# Diet Vs Coronavirus - ML Approach

## Objective

The objective of this model is to predict the percentage of deaths (per country) related to the coronavirus pandemic, taking into account statistical data about the food habbits of the population (food types: animal, eggs, fish, beer, etc.). From the predictions of the model, we can conclude which types of food have a bigger impact in the final outcome.

## The dataset

In order to train and evaluate the model, we'll use [Covid-19 healthy dataset](https://www.kaggle.com/mariaren/covid19-healthy-diet-dataset). Unfortunately, the number of labeled examples is pretty low, so we'll create a classic ML model. 

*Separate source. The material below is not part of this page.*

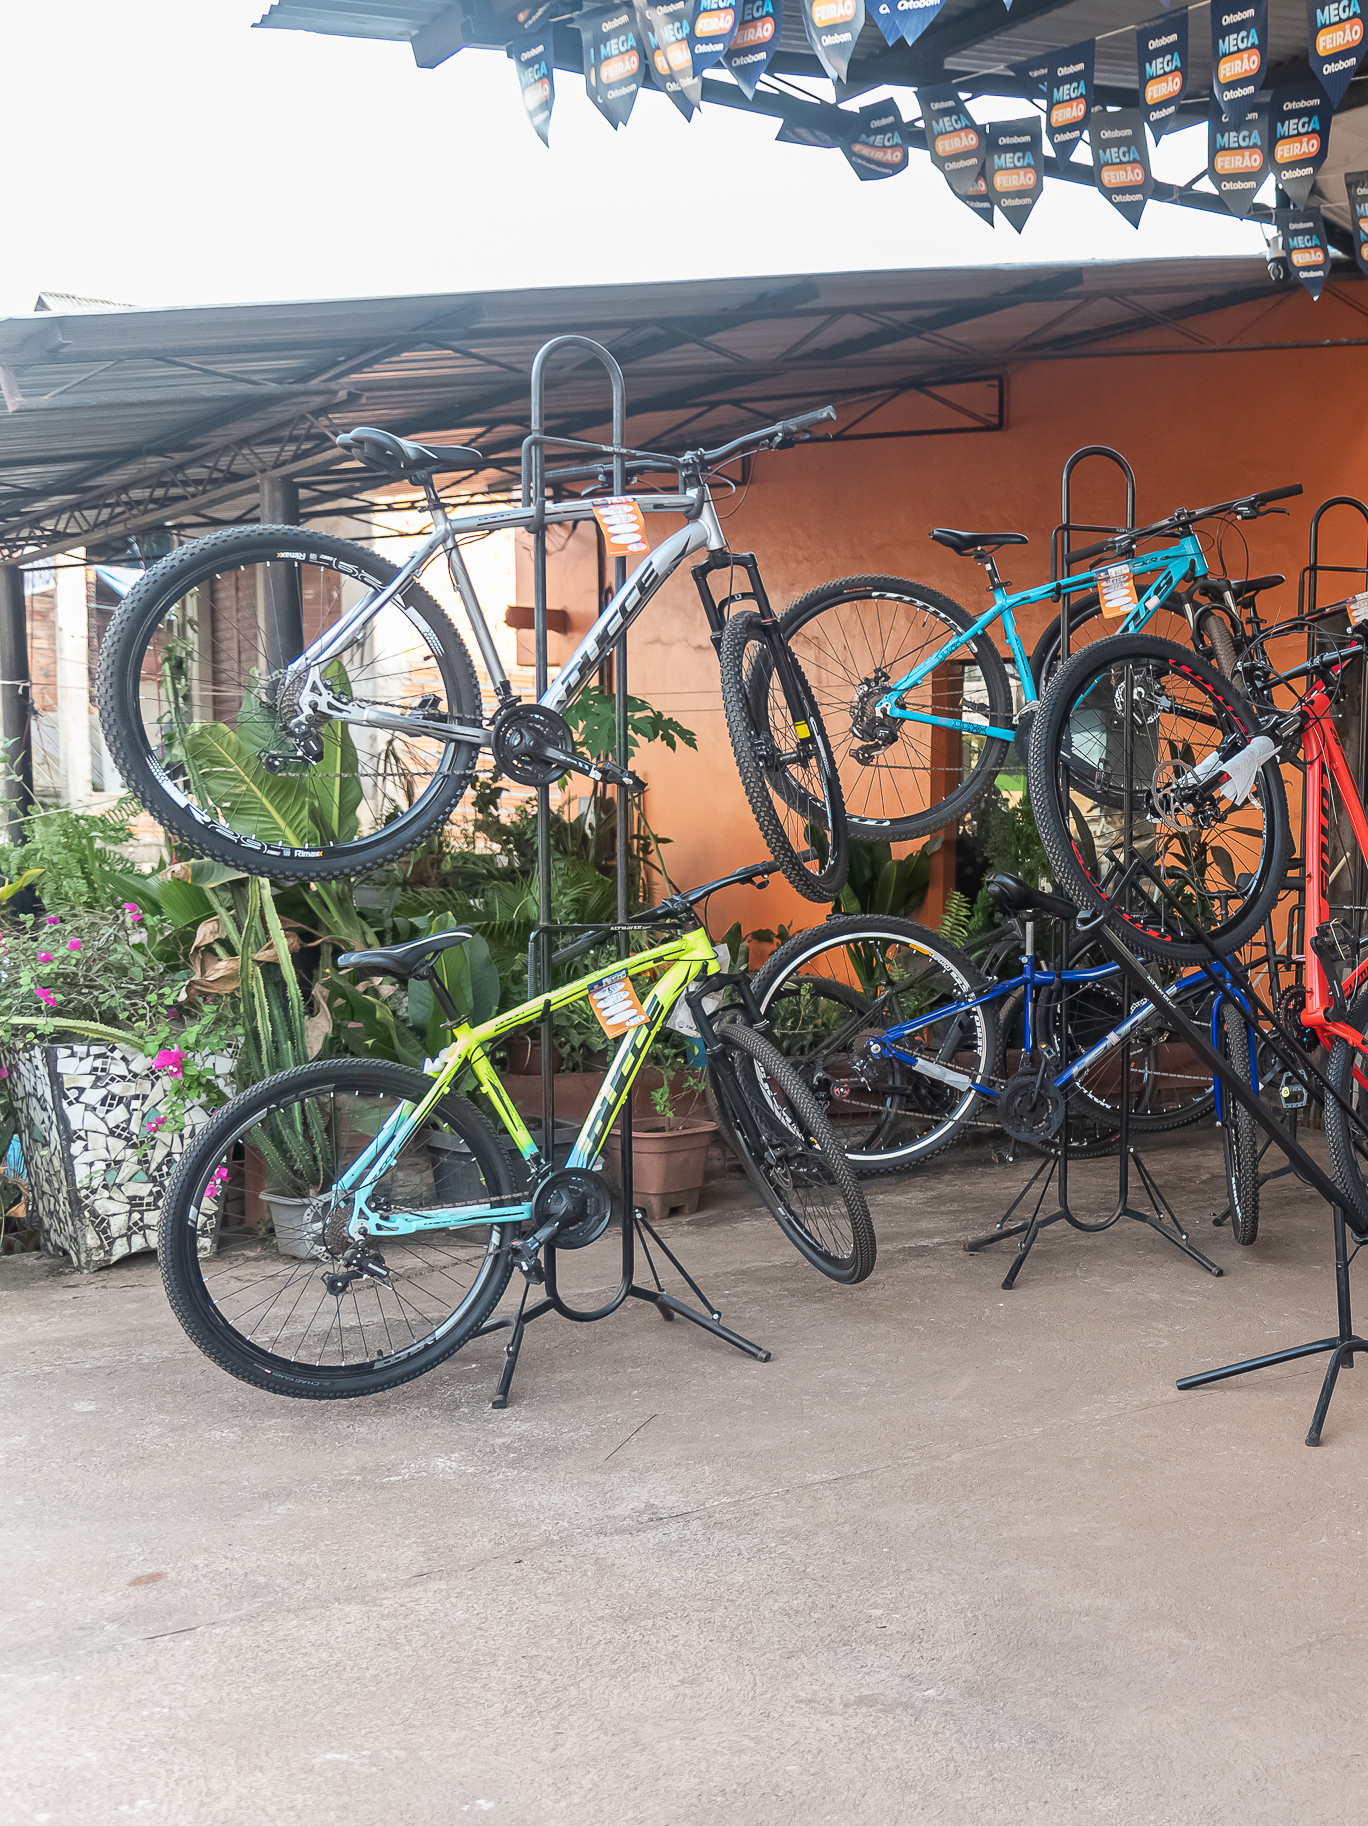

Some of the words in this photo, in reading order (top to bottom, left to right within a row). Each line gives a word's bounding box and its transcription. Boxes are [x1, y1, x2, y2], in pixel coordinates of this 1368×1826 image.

## Import relevant modules

The following hidden code cell imports the necessary packages that we'll use in order to explore, process the data and to create, run and evaluate the model.

In [None]:
#@title Import relevant modules

import pandas as pd
import tensorflow as tf
import numpy as np
from matplotlib import pyplot as plt
from tensorflow.keras import layers

# The following lines adjust the granularity of reporting. 
pd.options.display.max_rows = 30
pd.options.display.float_format = "{:.8f}".format

## Data

The following sections will be dedicated to the processes of data acquisition, exploration and processing.

### Data acquisition

Since our dataset is not that large, we'll use pandas to load the data in memory from a .csv file.

In [None]:
column_names = [
  'country',
  'alchoholic_beverages',
  'animal_products',
  'animal_fats',
  'aquatic_products',
  'cereals_excluding_beer',
  'eggs',
  'fish_and_seafood',
  'fruits',
  'meat',
  'miscellaneous',
  'milk_excluding_butter',
  'offals',
  'oilcrops',
  'pulses',
  'spices',
  'starchy_roots',
  'stimulants',
  'sugar_crops',
  'sugar_and_sweeteners',
  'treenuts',
  'vegetal_products',
  'vegetal_oils',
  'vegetables',
  'obesity',
  'undernourished',
  'confirmed',
  'deaths',
  'recovered',
  'active',
  'population',
  'unit',
]

diet_data = pd.read_csv(
  filepath_or_buffer='https://raw.githubusercontent.com/GrozescuRares/diet_vs_corona/master/diet_vs_corona.csv',
  skiprows=1,
  names=column_names,
)
diet_data = diet_data.reindex(np.random.permutation(diet_data.index))

diet_data.head()

### Data exploration

In this section we'll explore the dataset, since a large part of most machine learning projects is getting to know your data.

In [None]:
#@title Get statistics on the dataset.

diet_data.describe()

After analyzing the statistics we identified some anomalies:


*   There are missing values for the columns: Obesity, Confirmed, Deaths, Recovered and Active.
*   For several columns the value of max seems very high compared to the other quantiles, which suggest that for those column we have some outlier values. For example, for the Fruits - Excluding Wine column we have a maximum value of 9.7. Given the quantile values and the mean, std values, we would expect the max value to be aproximately 3.0. This issue also occours for the the Oilcrops, Pulses, Spices, Starchy Roots and Population columns.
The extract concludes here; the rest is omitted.